→ **Your instructions**
Each line of the data must reappear exactly in your answer, with no images included.

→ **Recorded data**
##########
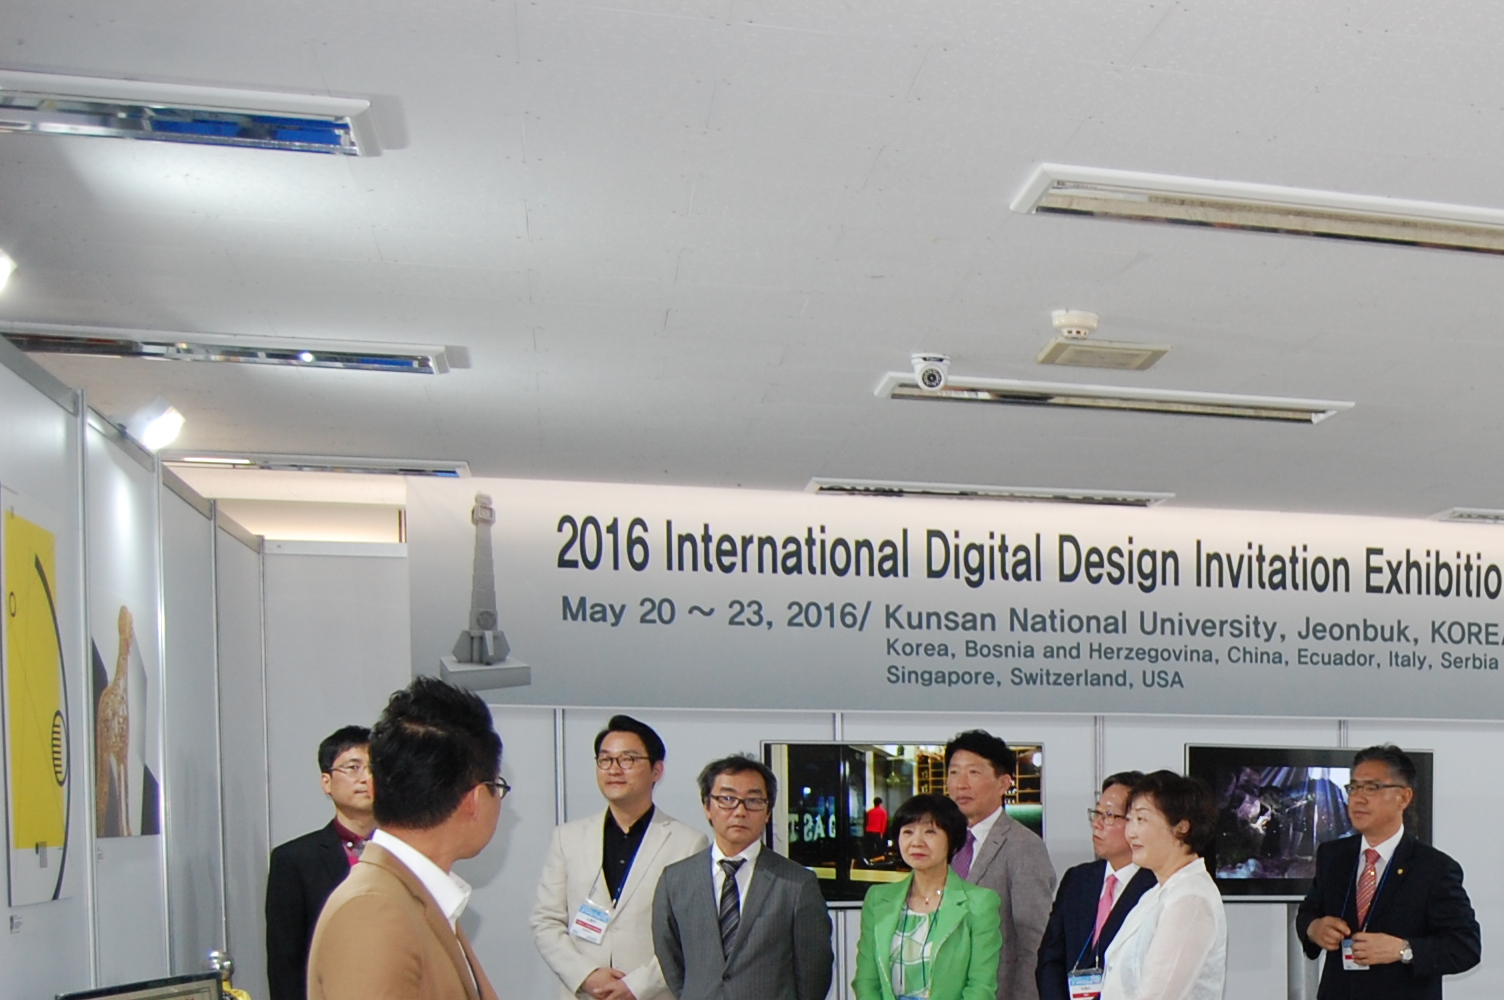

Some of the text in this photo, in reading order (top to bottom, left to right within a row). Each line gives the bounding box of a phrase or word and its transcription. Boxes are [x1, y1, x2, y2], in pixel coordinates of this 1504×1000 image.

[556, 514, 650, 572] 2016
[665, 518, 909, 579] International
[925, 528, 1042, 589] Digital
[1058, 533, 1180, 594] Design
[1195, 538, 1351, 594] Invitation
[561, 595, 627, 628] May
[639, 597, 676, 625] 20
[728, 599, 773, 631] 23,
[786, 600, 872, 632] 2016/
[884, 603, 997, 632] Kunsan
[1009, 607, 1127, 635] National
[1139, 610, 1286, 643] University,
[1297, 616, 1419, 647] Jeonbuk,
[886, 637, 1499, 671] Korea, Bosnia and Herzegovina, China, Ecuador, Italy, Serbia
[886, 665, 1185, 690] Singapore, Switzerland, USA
##########
→ **Written response**
Some of the text in this photo, in reading order (top to bottom, left to right within a row). Each line gives the bounding box of a phrase or word and its transcription. Boxes are [x1, y1, x2, y2], in pixel coordinates of this 1504×1000 image.

[556, 514, 650, 572] 2016
[665, 518, 909, 579] International
[925, 528, 1042, 589] Digital
[1058, 533, 1180, 594] Design
[1195, 538, 1351, 594] Invitation
[561, 595, 627, 628] May
[639, 597, 676, 625] 20
[728, 599, 773, 631] 23,
[786, 600, 872, 632] 2016/
[884, 603, 997, 632] Kunsan
[1009, 607, 1127, 635] National
[1139, 610, 1286, 643] University,
[1297, 616, 1419, 647] Jeonbuk,
[886, 637, 1499, 671] Korea, Bosnia and Herzegovina, China, Ecuador, Italy, Serbia
[886, 665, 1185, 690] Singapore, Switzerland, USA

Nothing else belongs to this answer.